When I was taking a shower yesterday morning, I noticed an empty spot where all of our bath products are kept, a hole where Jacob's used to be. He is housesitting for the next couple weeks and I guess he brought them with him but the hole really hit me hard. It was the first step of his absence. Soon, if we do indeed separate, he will take all of his things and there will be empty spots all over this apartment. I am so scared of that happening.
I sent him a final email yesterday to ask him to work through things with me. I don't know if his decision is final or not, though it seems like it is.
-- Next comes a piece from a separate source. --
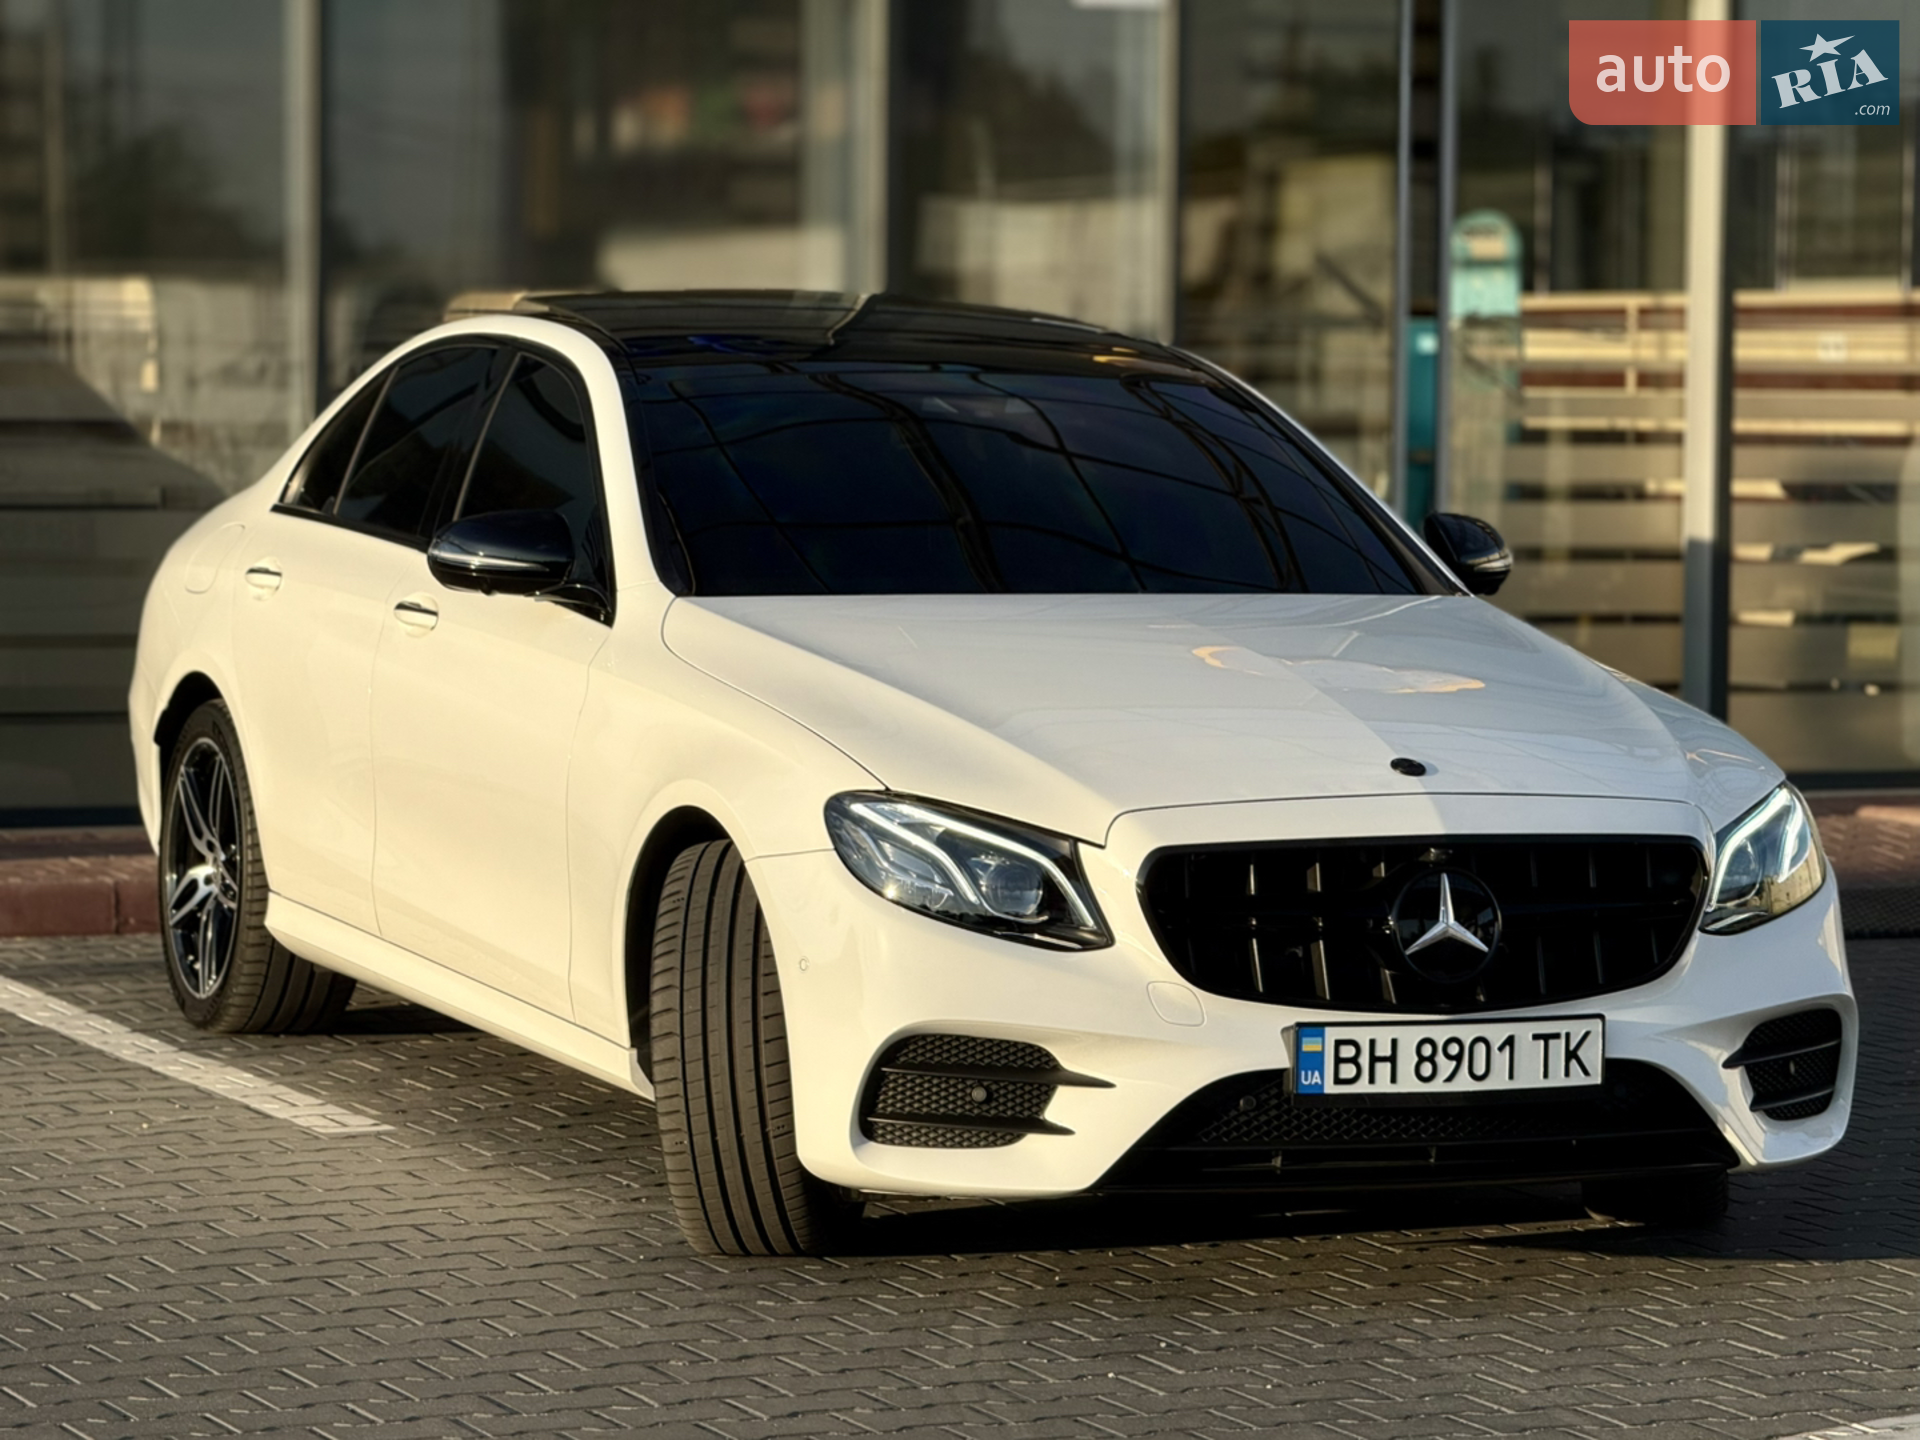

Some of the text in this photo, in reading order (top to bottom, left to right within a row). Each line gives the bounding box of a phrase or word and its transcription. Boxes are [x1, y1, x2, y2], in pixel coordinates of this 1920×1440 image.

The last time I saw him, there was the slightest glimmer of hope because he said he was going to use his time housesitting and being apart from me to really think about things. I am praying and hoping with all my might that he comes back into my arms. At the same time though, I am preparing myself for a life without him. It will be painful and suck at first, but it soon will not and I will make the best of whatever my new situation is. But I am crossing my fingers and hoping with all my might that he will not end our relationship. I want my babe back so fucking bad.
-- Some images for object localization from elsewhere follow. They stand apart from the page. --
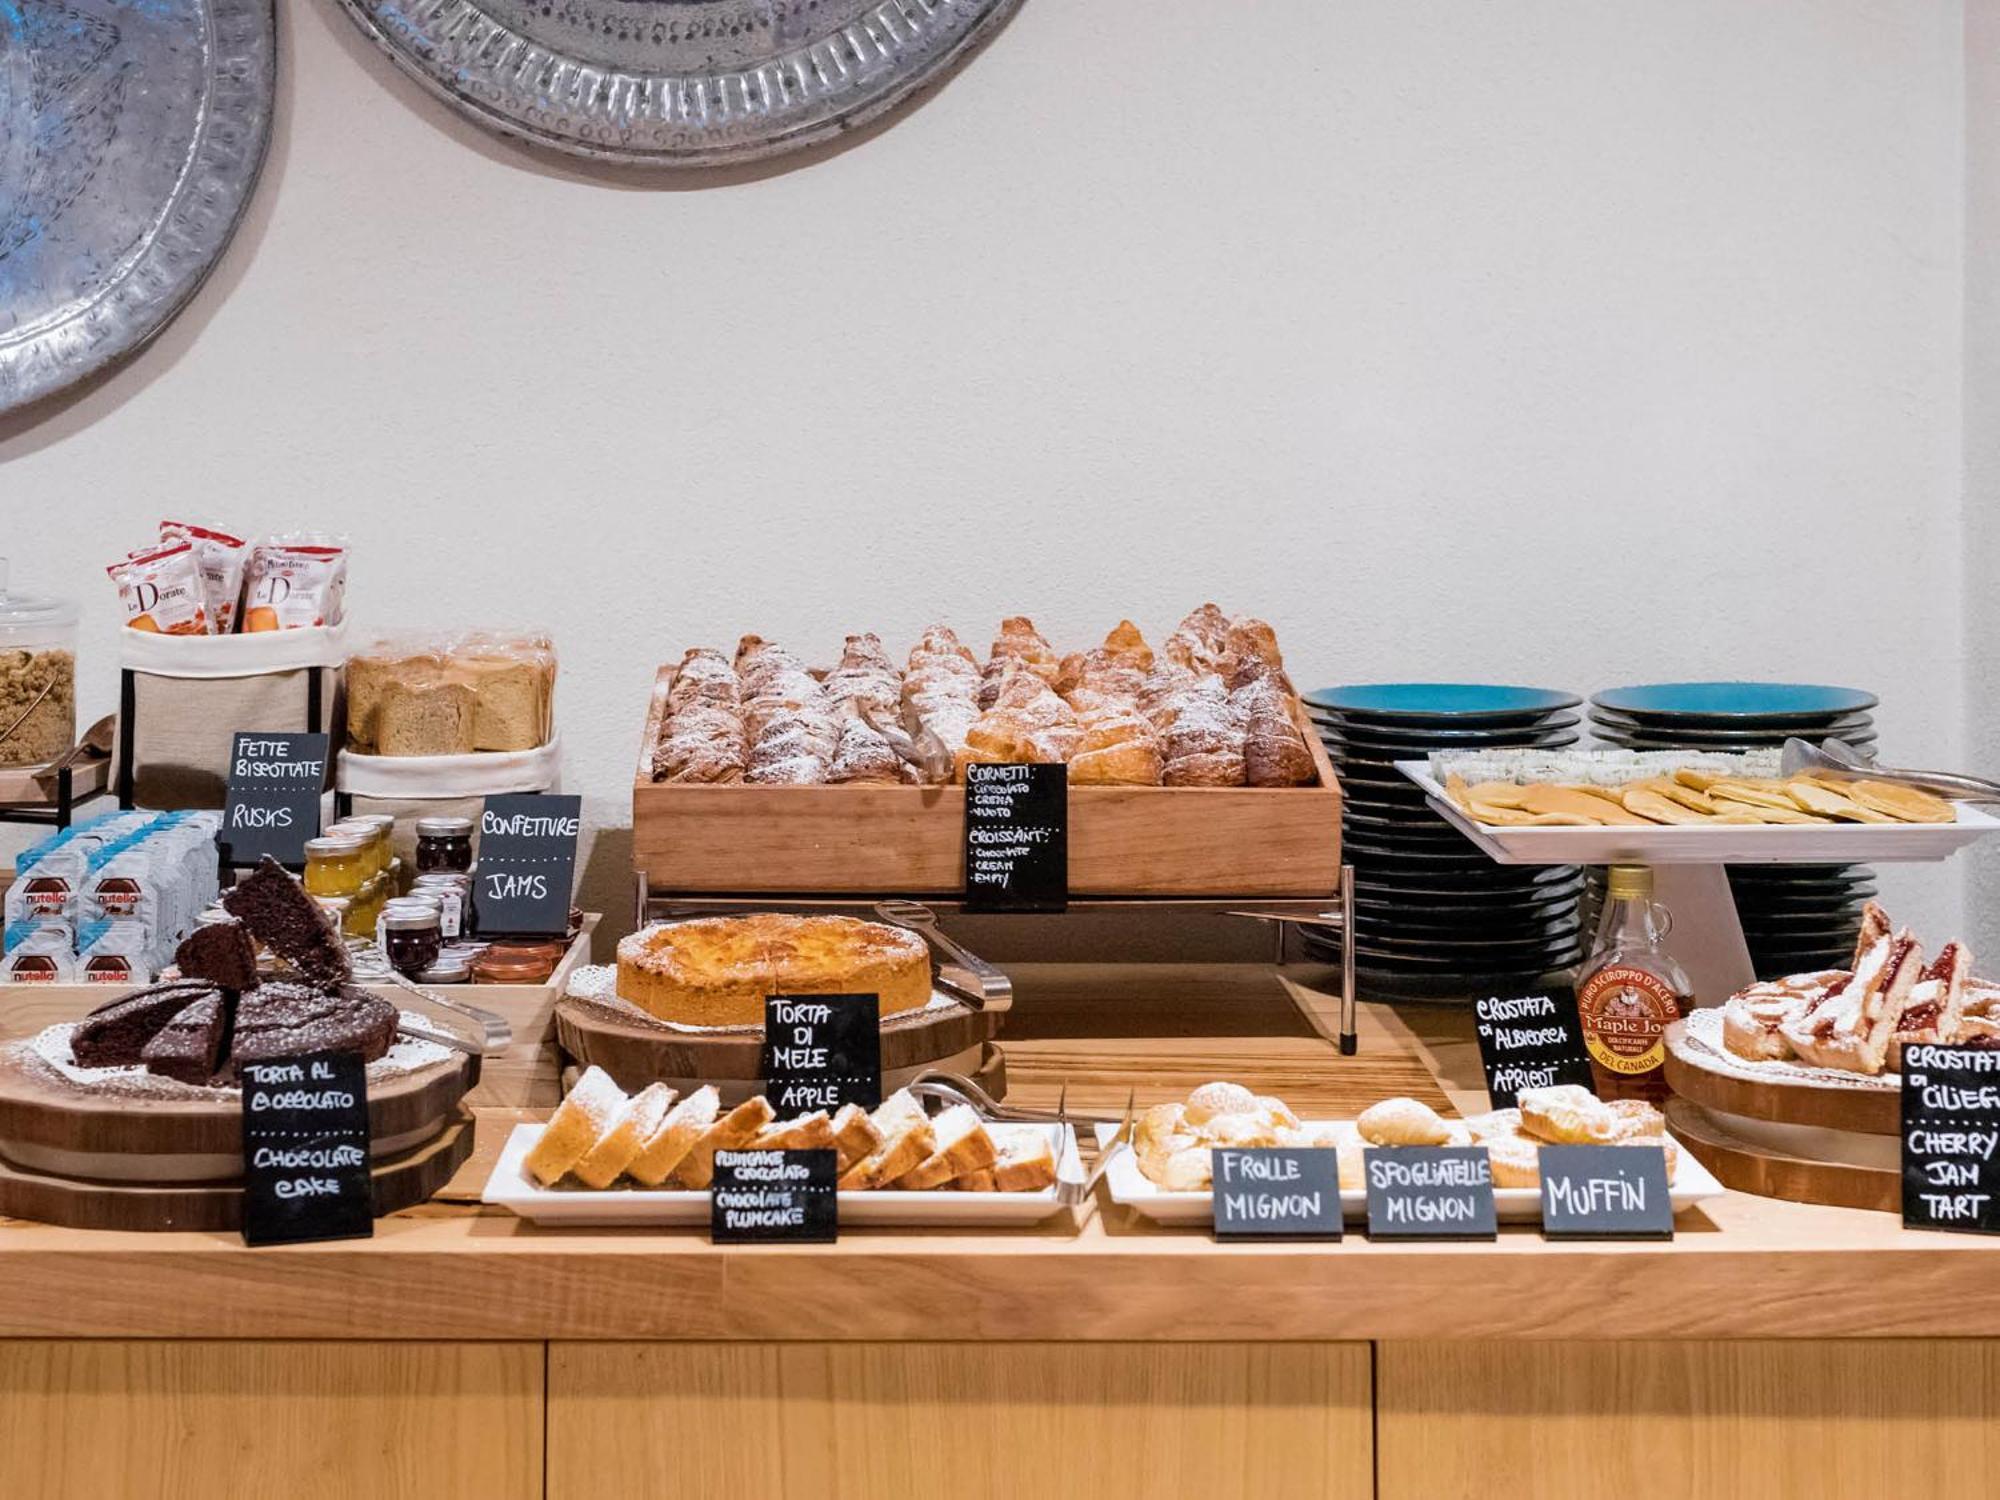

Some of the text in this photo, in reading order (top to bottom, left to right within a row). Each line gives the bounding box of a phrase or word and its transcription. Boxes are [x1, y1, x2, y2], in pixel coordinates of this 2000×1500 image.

[136, 582, 186, 612] Dorate
[238, 738, 291, 757] FETTE
[235, 759, 323, 778] BISCOTTATE
[232, 803, 293, 829] RUSKS
[482, 810, 579, 837] CONFETTURE
[26, 893, 67, 904] nutella
[98, 893, 138, 904] nutella
[485, 873, 548, 900] JAMS
[14, 971, 55, 982] nutella
[87, 971, 129, 982] nutella
[1582, 969, 1677, 1015] PURO SCIROPPO D'ACERO
[769, 1000, 832, 1024] TORTA
[1476, 996, 1556, 1021] CROSTATA
[793, 1026, 813, 1046] DI
[1585, 1014, 1664, 1034] Maple Jo
[1495, 1026, 1568, 1051] ALBICOCCA
[773, 1046, 828, 1070] MELE
[1598, 1051, 1660, 1072] DEL CANADA
[1906, 1045, 2000, 1072] CROSTAT
[243, 1061, 336, 1083] TORTA AL
[1493, 1066, 1559, 1092] APRICOT
[780, 1086, 839, 1108] APPLE
[1922, 1084, 2000, 1110] CILIEGI
[253, 1145, 365, 1168] CHOCOLATE
[1908, 1130, 1999, 1161] CHERRY
[1221, 1152, 1302, 1183] FROLLE
[1369, 1159, 1490, 1189] SFOGLIATELLE
[1924, 1160, 1979, 1186] JAM
[274, 1176, 340, 1199] CAKE
[1546, 1170, 1646, 1216] MUFFIN
[725, 1207, 805, 1229] PLUMCAKE
[1224, 1191, 1321, 1221] MIGNON
[1386, 1195, 1475, 1224] MIGNON
[1919, 1194, 1991, 1220] TART
I hung out with some friends at various bars and houses around Bushwick last evening and then came home with a friend that I have had a crush on for a while. We got naked and cuddled in bed together, rubbed our boners against each other's backs, held each other. It felt really nice last night. This morning, though, the cost of all of those beer and shot combos and Four Lokos began to take their toll. I felt awful and this boy and I fooled around for a while but it faded off into me just wanting to sleep and cry. This boy was very beautiful but he wasn't Jacob. I saw bits of Jacob's dandruff on the sheets and wondered how long those would still be there, these remnants of him. I tried not to but I started crying with this boy next to me, thinking that Jacob might not be in my life anymore, looking at these white flecks on the sheet, wanting him again in bed with me.